Delacroix: Clark also discusses Casper David Friedrich and Théodore Géricault, who also painted epic images of the maritime Sublime. He then turns to Eugène Delacroix. Although he produced brilliant (but propagandist) works like Liberty Leading the People (1830), he had “the utmost contempt for the age in which he lived” – an age satisfied with the merely beautiful – “and his art is almost entirely an attempt to escape from it,” often into the works of Byron, Scott, and other Romantics, or into unbridled Orientalism, as with his incredible 1827 depiction of The Death of Sardanapalus (below).

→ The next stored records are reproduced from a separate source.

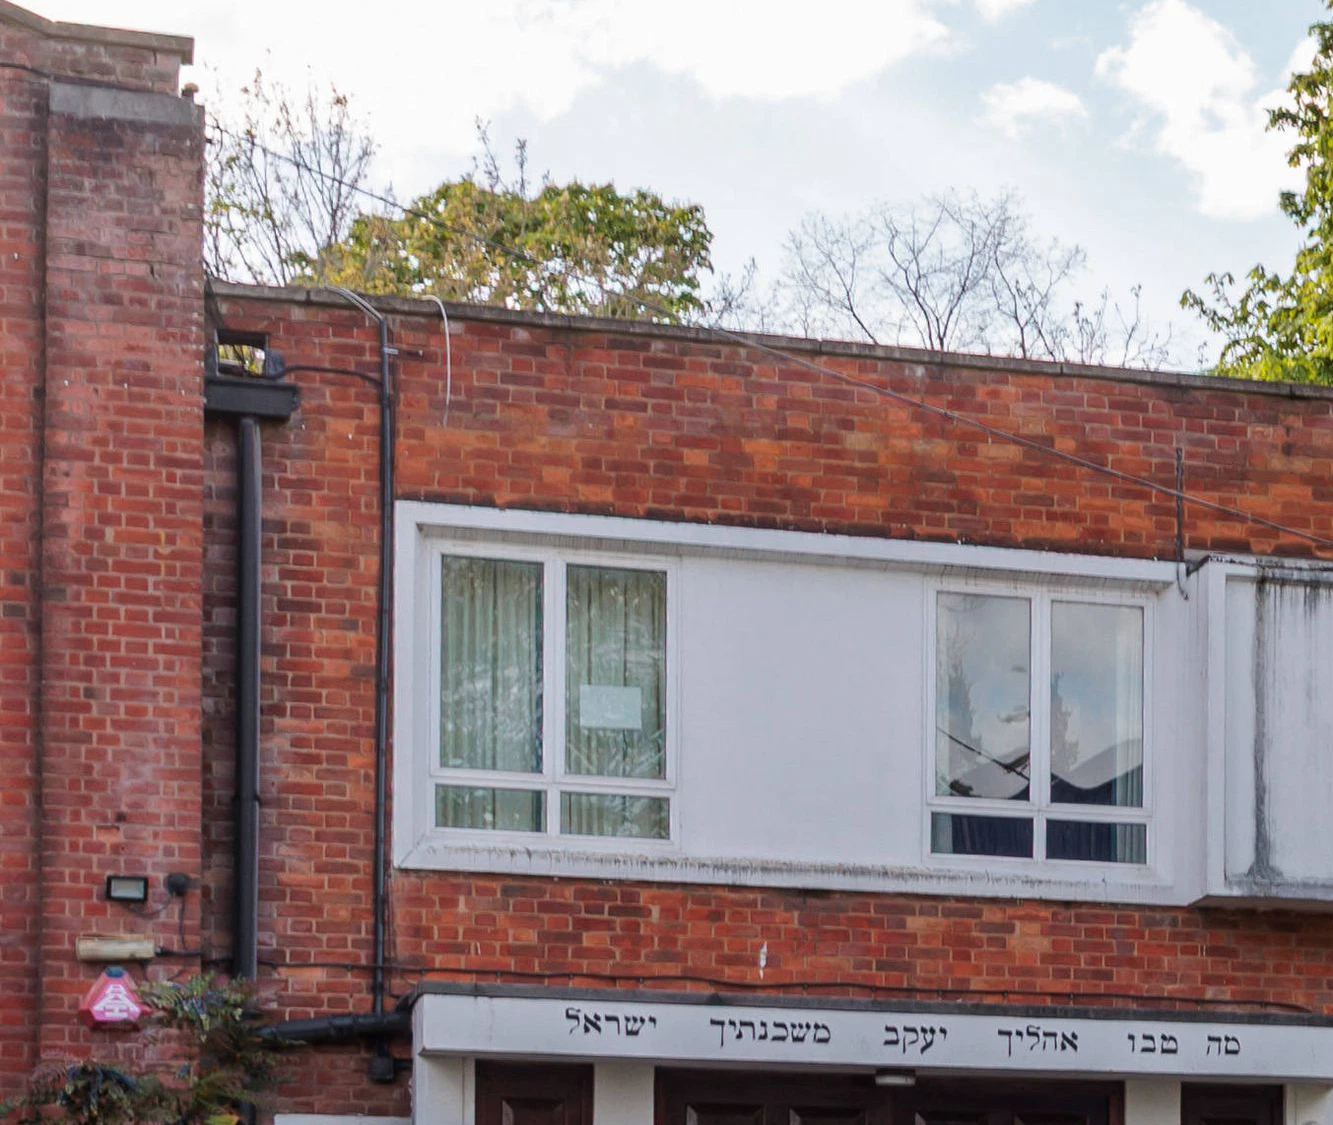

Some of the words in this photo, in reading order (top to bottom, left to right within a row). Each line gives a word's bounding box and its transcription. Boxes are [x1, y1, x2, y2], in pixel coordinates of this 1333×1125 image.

[565, 1006, 657, 1037] ישראל
[709, 1016, 832, 1048] משכנתיך
[883, 1024, 948, 1054] יעקב
[997, 1025, 1079, 1057] אהליך
[1206, 1034, 1241, 1057] מה

Despair and Renunciation:This pervasive despair at the Age of the Bourgeoisie drove Delacroix to Morocco just as a later artist, Paul Gauguin, would escape to Tahiti:

his Byronic hatred of the society of his time had made him determined to escape from European civilisation, whatever the cost.”

What, asks Clark,

had gone so wrong with the European spirit that so long a journey and so great a renunciation were necessary?

Rodin & Balzac: Auguste Rodin was “the last great Romantic artist,” in Clark’s estimation, “the direct heir of Géricault, Delacroix, and Byron.” Like them, he was possessed by a sense of “humanity’s tragic destiny,” and by a “creative power equal to that of the 17th Century.”  Above all, his statue of Balzac (left) revealed the creative power that made the author “the dominating imagination of his age and yet transcending his age.” According to Clark, it was “the greatest piece of sculpture of the 19th Century.”  It also revealed the artist’s contempt for public opinion, a contempt that was reciprocated, as the work was ridiculed and rejected, before it was eventually recognized as a masterpiece.

The Great Chasm: This mutual incomprehension and contempt between the artist and the general public is something with which we are now familiar, as it shapes contemporary culture. However, it was new in the 19th Century and revealed an epoch-defining rift in civilisation. According to Clark,

the early 19th Century created a chasm in the European mind as great as that which had split Christendom in the 16th Century.

Moreover, this chasm was “even more dangerous” than that which tore Europe apart in the Reformation era.

The Antagonists:This seems an incredible claim, as the Reformation ushered in the Age of Religious Wars that consumed millions and reshaped history. However, it is one that seems validated by the history of the 20th Century. But what are the groups on either side of this chasm that so gravely afflicts civilisation? Clark identifies two social classes or castes that have come to oppose each other in the modern era:

The Middle Class/Bourgeoisie –

On one side of the chasm was the new middle class nourished by the Industrial Revolution. It was hopeful and energetic, but without a scale of values. Sandwiched between a corrupt aristocracy and a brutalised poor, it had produced a defensive morality, conventional, complacent, and hypocritical.

The Intelligentsia/Adversary Culture –

On the other side of the chasm were the finer spirits — poets, painters, novelists, who were still heirs of the Romantic Movement, still haunted by disaster … They felt themselves to be entirely cut off from the prosperous majority, whom they mocked as philistines and barbarians. But what could they put in the place of middle-class morality? They themselves were still in search of a soul!

The Search At the centre of civilisation it seemed there was now a cultural void, and a quixotic search began for an agreed-upon aesthetic able to fill it. This went on throughout the 19th Century, continued into the 20th Century, and continues with little optimism in the New Millennium. Answers were sought initially in the immensely influential thought of Marx, Proudhon, Bakunin, Kierkegaard, Schopenhauer, Wagner, Baudelaire, Nietzsche, and of many others, in literature, the visual arts, and throughout culture. How much progress has been made in this effort to hold civilisation together we will discover in the weeks to come.